>>

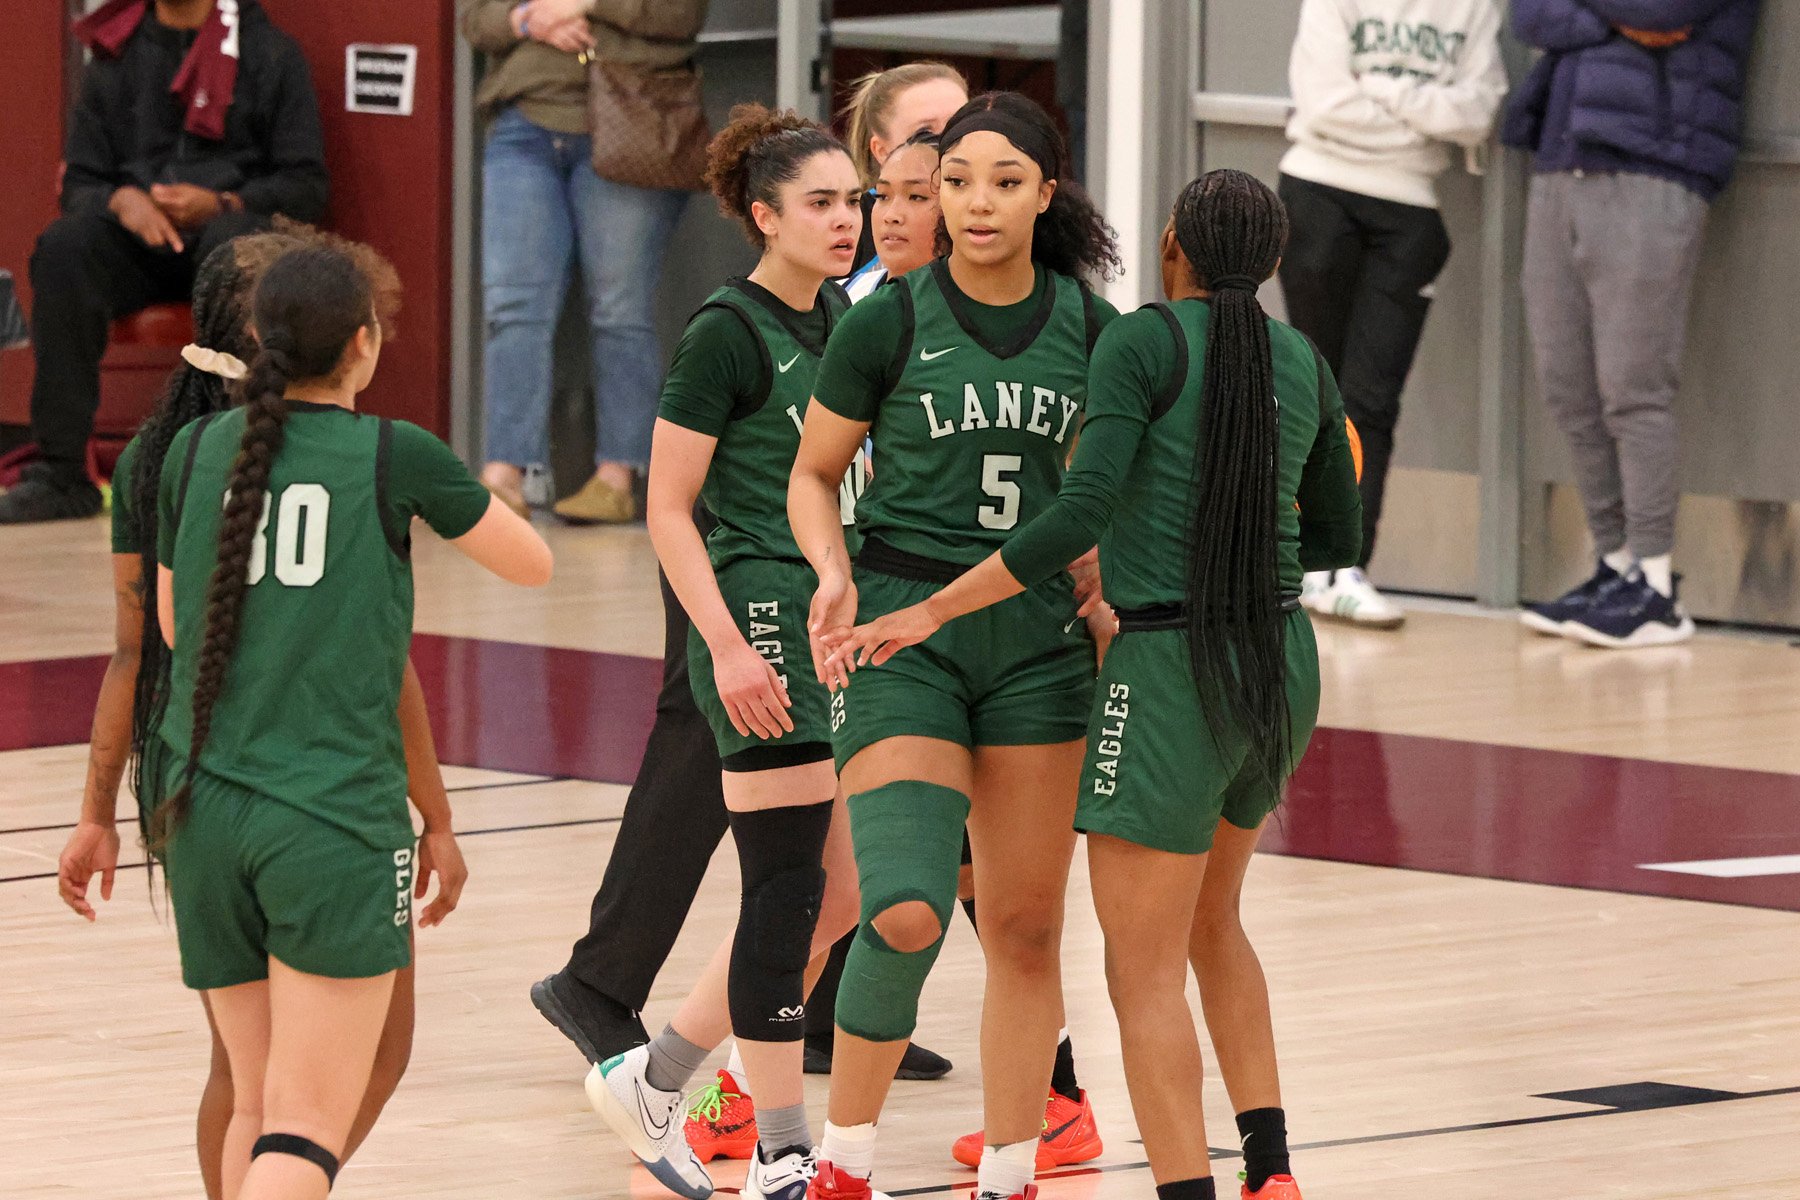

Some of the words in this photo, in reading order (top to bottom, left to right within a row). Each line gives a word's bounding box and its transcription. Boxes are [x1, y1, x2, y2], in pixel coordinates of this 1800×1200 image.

[919, 380, 1078, 444] LANEY
[977, 454, 1022, 530] 5
[748, 600, 789, 690] EAG
[1094, 683, 1130, 797] EAGLES
[393, 848, 411, 927] GLES
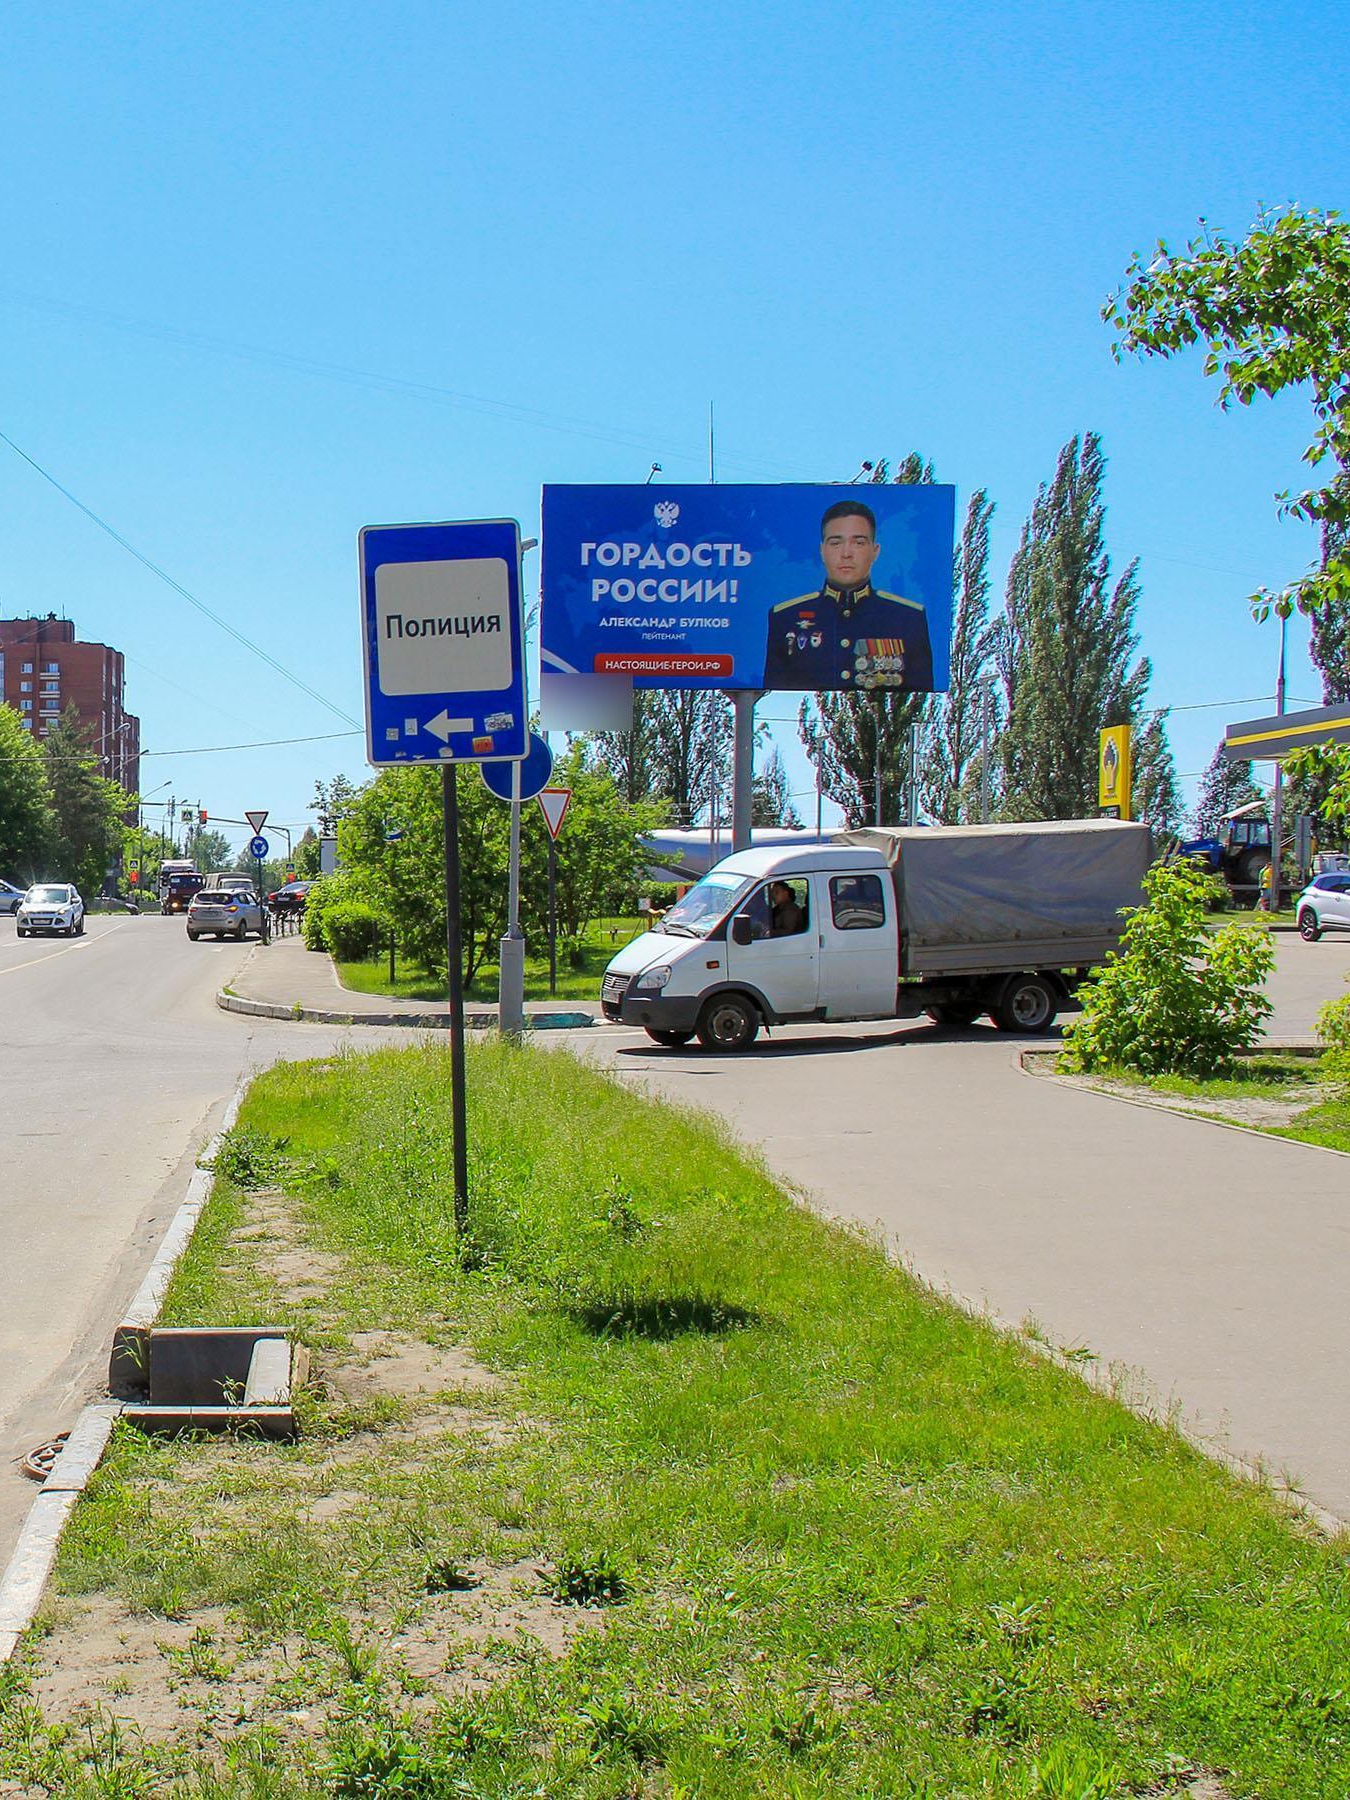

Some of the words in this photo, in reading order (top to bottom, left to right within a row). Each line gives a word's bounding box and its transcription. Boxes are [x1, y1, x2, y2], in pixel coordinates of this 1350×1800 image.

[580, 542, 752, 570] ГОРДОСТЬ
[591, 578, 739, 604] РОССИИ!
[385, 614, 502, 639] Полиция
[599, 617, 677, 629] АЛЕКСАНДР
[679, 617, 731, 628] БУЛКОВ
[604, 659, 722, 671] НАСТОЯЩИЕ-ГЕРОИ.РФ

<<

__Problem requirements__.
The answer must be the full listing, exact in every line, with the pictures removed.

__The answer__.
Some of the words in this photo, in reading order (top to bottom, left to right within a row). Each line gives a word's bounding box and its transcription. Boxes are [x1, y1, x2, y2], in pixel coordinates of this 1800×1200 image.

[919, 380, 1078, 444] LANEY
[977, 454, 1022, 530] 5
[748, 600, 789, 690] EAG
[1094, 683, 1130, 797] EAGLES
[393, 848, 411, 927] GLES

Some of the words in this photo, in reading order (top to bottom, left to right within a row). Each line gives a word's bounding box and its transcription. Boxes are [x1, y1, x2, y2], in pixel coordinates of this 1350×1800 image.

[580, 542, 752, 570] ГОРДОСТЬ
[591, 578, 739, 604] РОССИИ!
[385, 614, 502, 639] Полиция
[599, 617, 677, 629] АЛЕКСАНДР
[679, 617, 731, 628] БУЛКОВ
[604, 659, 722, 671] НАСТОЯЩИЕ-ГЕРОИ.РФ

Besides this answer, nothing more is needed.